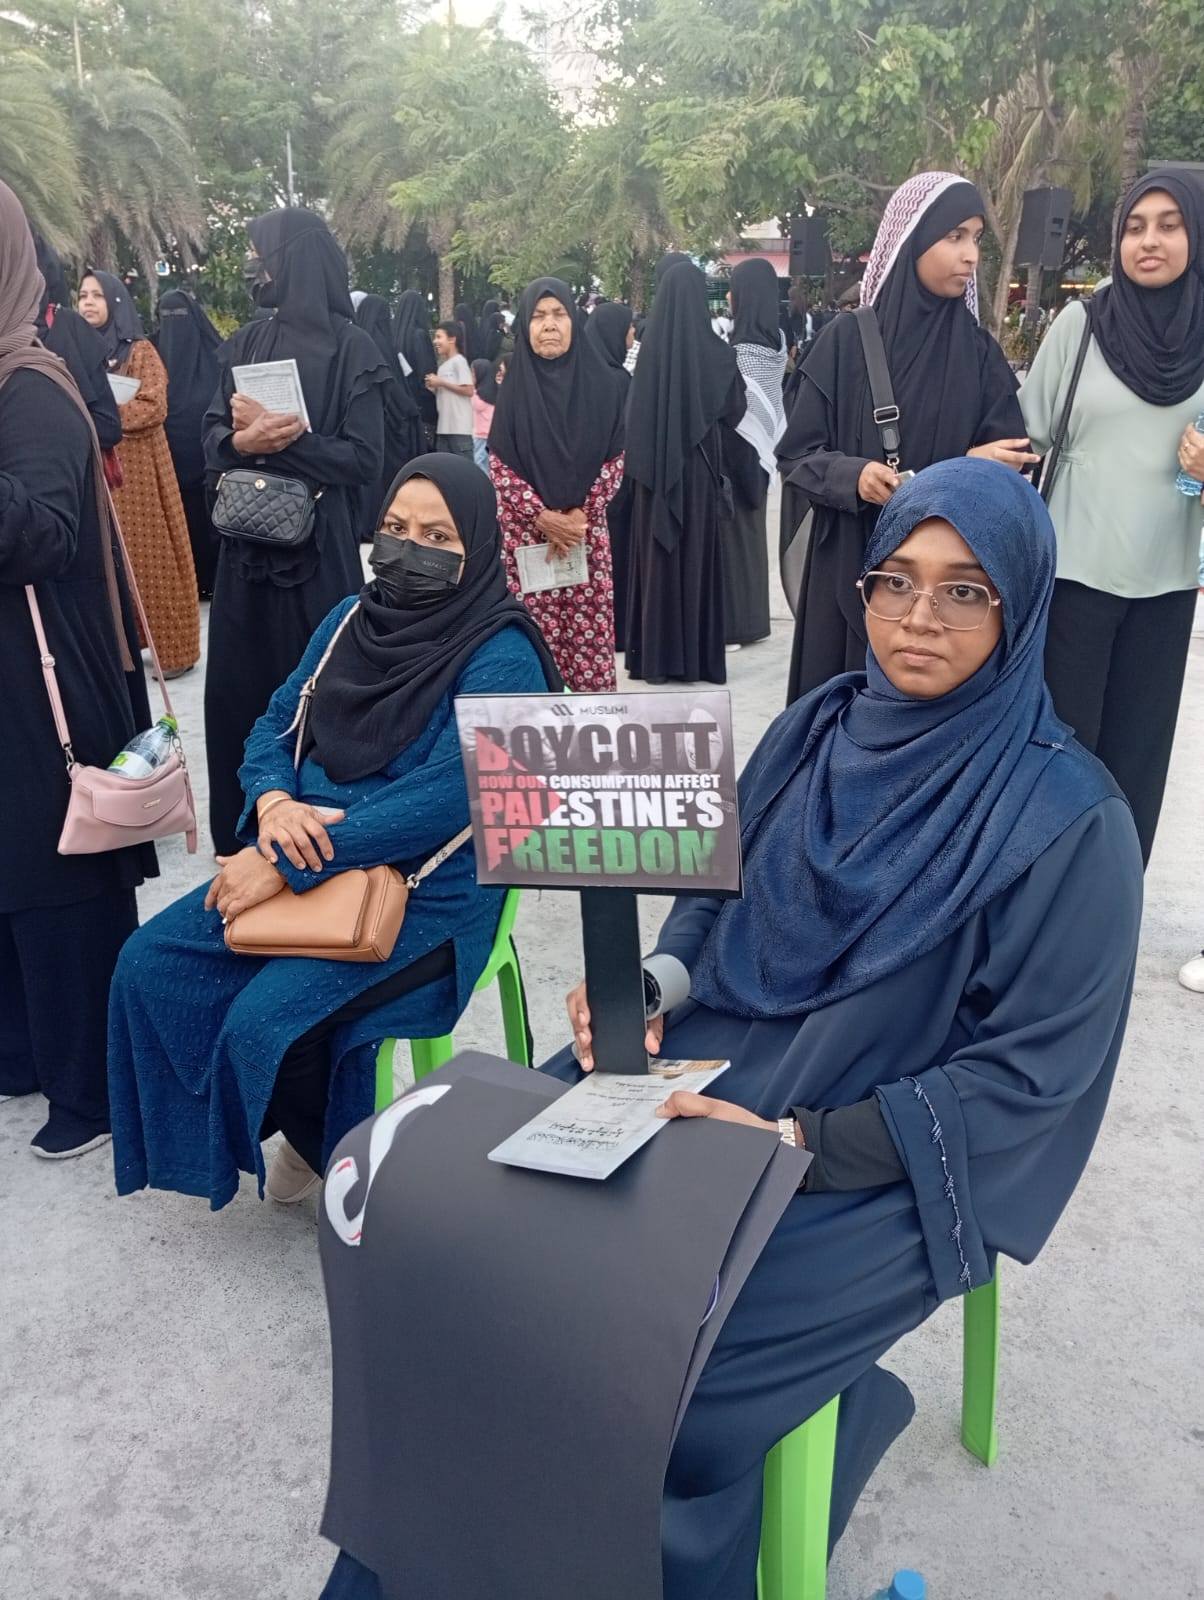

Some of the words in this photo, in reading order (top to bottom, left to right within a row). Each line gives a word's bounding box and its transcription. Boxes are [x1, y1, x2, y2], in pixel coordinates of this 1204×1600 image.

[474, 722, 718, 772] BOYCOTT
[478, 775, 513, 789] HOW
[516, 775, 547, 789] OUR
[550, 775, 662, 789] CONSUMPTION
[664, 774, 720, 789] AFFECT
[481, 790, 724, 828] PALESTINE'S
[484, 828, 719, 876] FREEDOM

_Task instructions:_ Once the pictures are set aside, give the rest of the listing again exactly.

_Written solution:_
Some of the words in this photo, in reading order (top to bottom, left to right within a row). Each line gives a word's bounding box and its transcription. Boxes are [x1, y1, x2, y2], in pixel coordinates of this 1204×1600 image.

[474, 722, 718, 772] BOYCOTT
[478, 775, 513, 789] HOW
[516, 775, 547, 789] OUR
[550, 775, 662, 789] CONSUMPTION
[664, 774, 720, 789] AFFECT
[481, 790, 724, 828] PALESTINE'S
[484, 828, 719, 876] FREEDOM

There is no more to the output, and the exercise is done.